EXERCISE - Would you return exactly the lines below from the line with "this 1024×1024 image." through the line with "this 1600×1067 image.", both included, and nothing else, leaving out the pictures?

DATA EXTRACT -

────────────────────

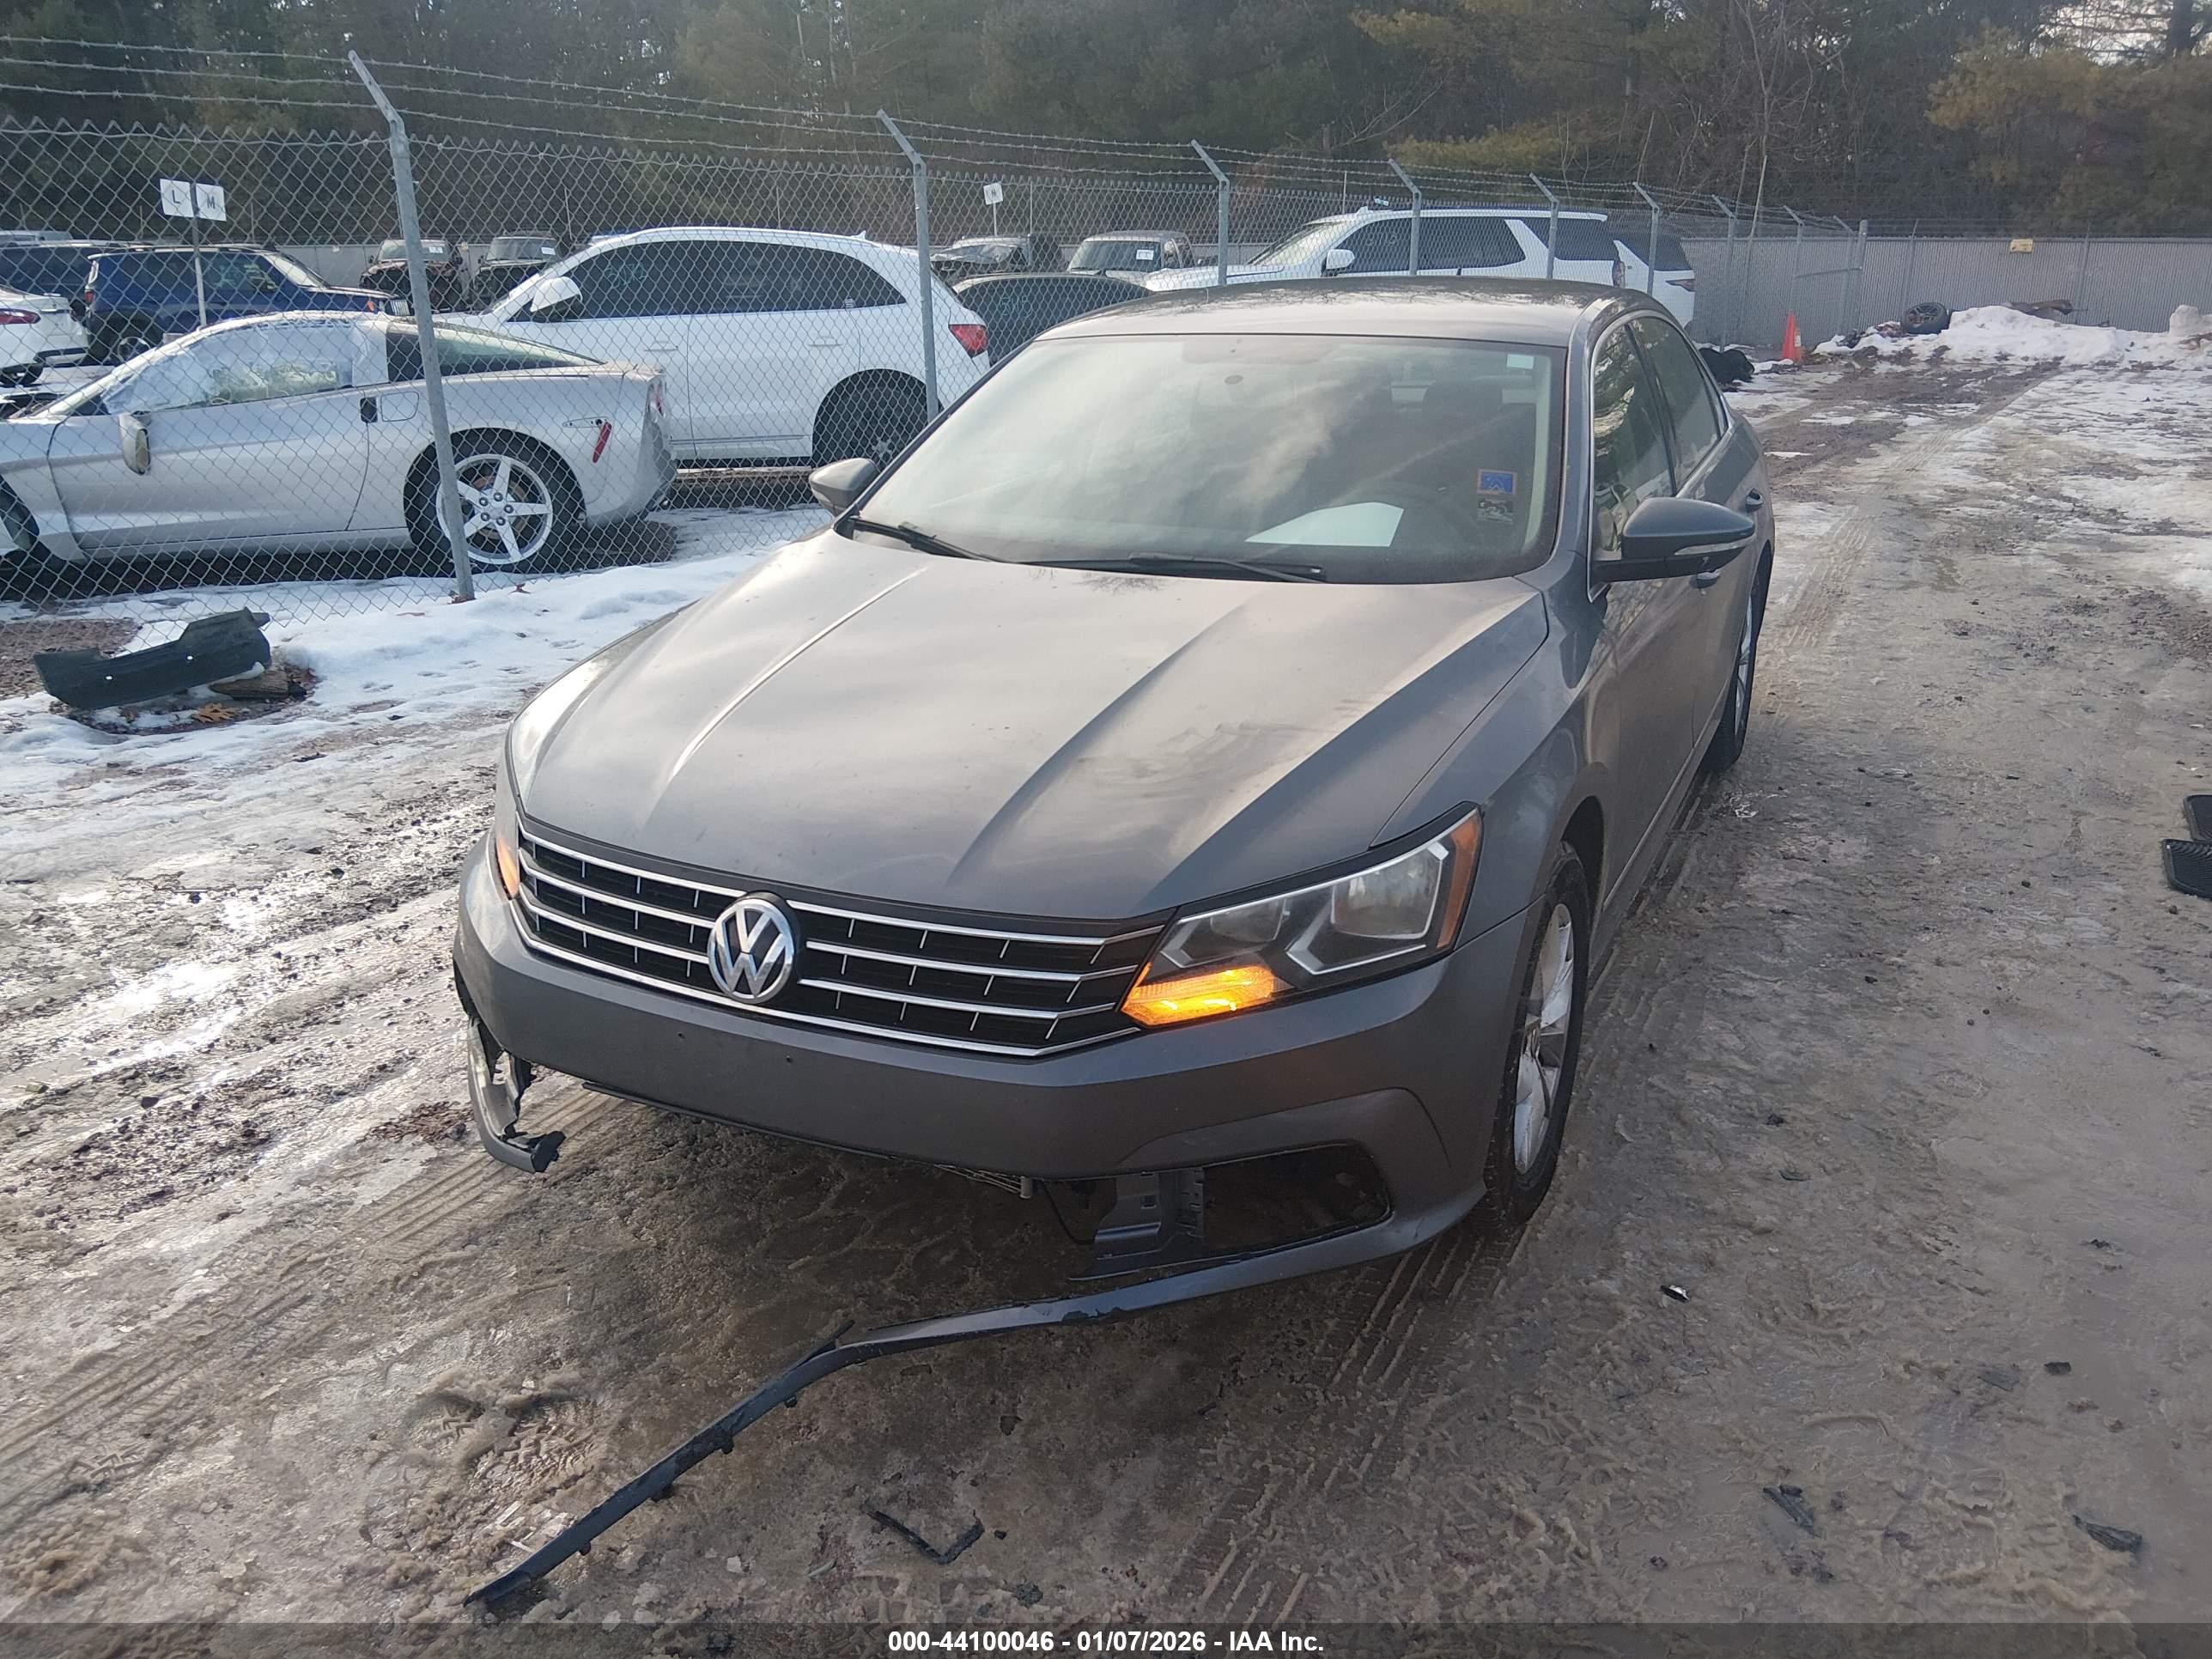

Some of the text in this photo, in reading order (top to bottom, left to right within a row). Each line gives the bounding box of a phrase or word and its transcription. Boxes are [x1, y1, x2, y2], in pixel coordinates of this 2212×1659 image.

────────────────────

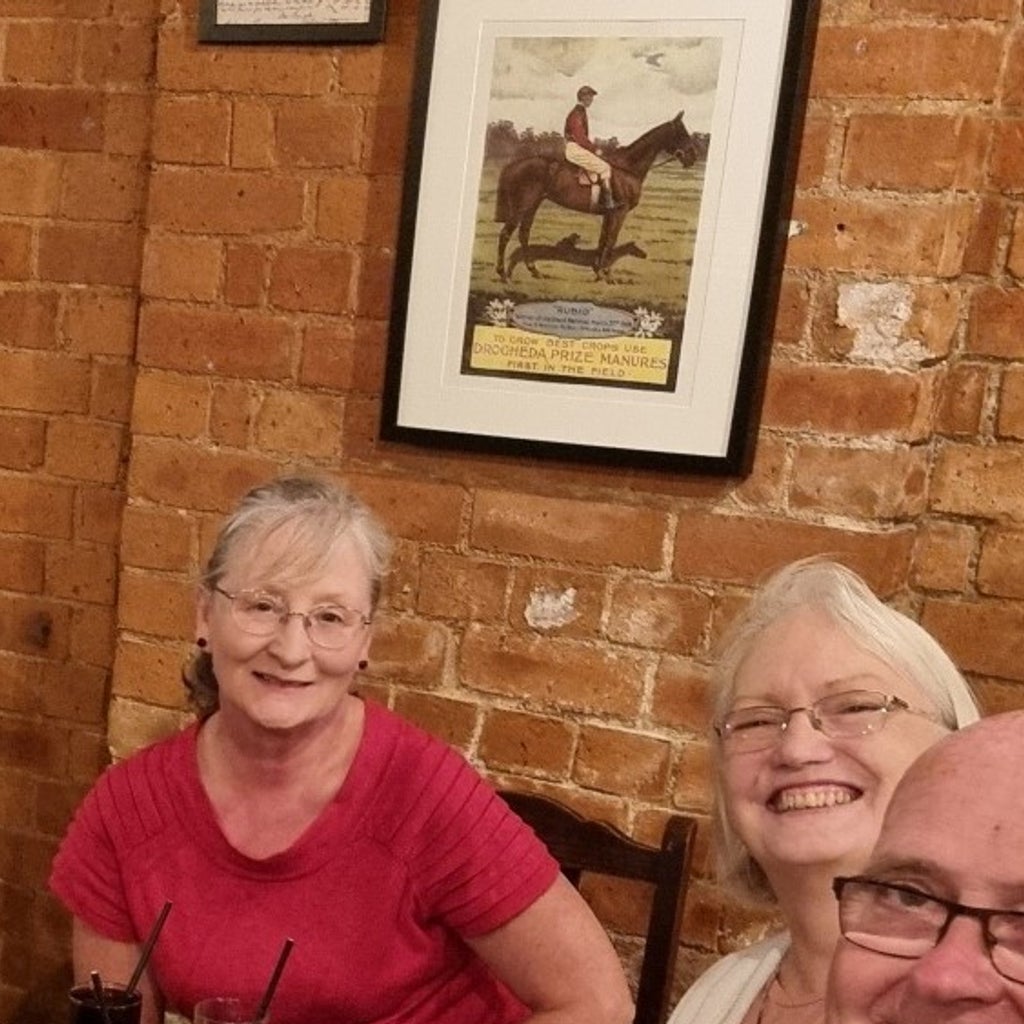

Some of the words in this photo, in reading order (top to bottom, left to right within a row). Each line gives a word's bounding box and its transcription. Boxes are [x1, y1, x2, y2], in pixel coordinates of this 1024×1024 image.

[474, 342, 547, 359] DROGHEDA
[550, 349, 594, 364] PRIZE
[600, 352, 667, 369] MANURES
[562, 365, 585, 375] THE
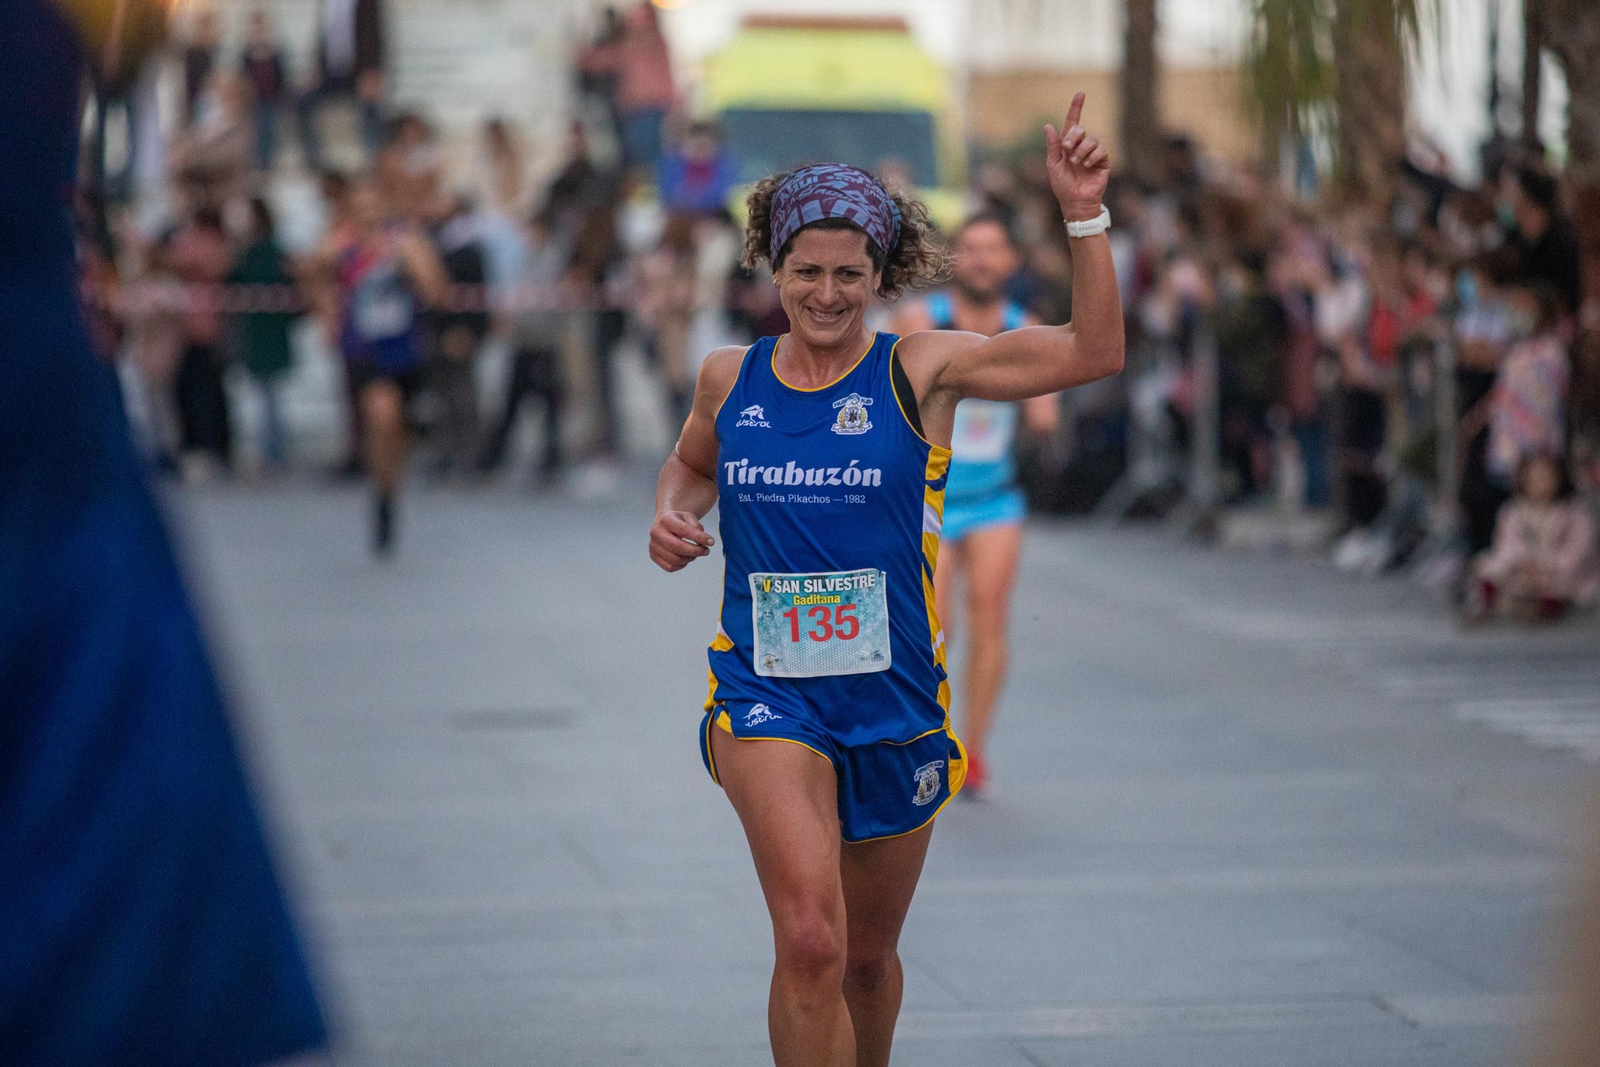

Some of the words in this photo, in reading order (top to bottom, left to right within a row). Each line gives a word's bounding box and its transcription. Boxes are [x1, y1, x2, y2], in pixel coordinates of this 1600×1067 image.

────────────────────

WRITTEN RESPONSE -
Some of the words in this photo, in reading order (top to bottom, left to right within a row). Each line gives a word's bounding box and its transcription. Boxes are [x1, y1, x2, y2], in pixel coordinates of this 1024×1024 image.

[474, 342, 547, 359] DROGHEDA
[550, 349, 594, 364] PRIZE
[600, 352, 667, 369] MANURES
[562, 365, 585, 375] THE

Some of the words in this photo, in reading order (top to bottom, left to right within a row). Each line gives a word's bounding box and its transcription. Boxes are [x1, y1, x2, y2], in pixel coordinates of this 1600×1067 image.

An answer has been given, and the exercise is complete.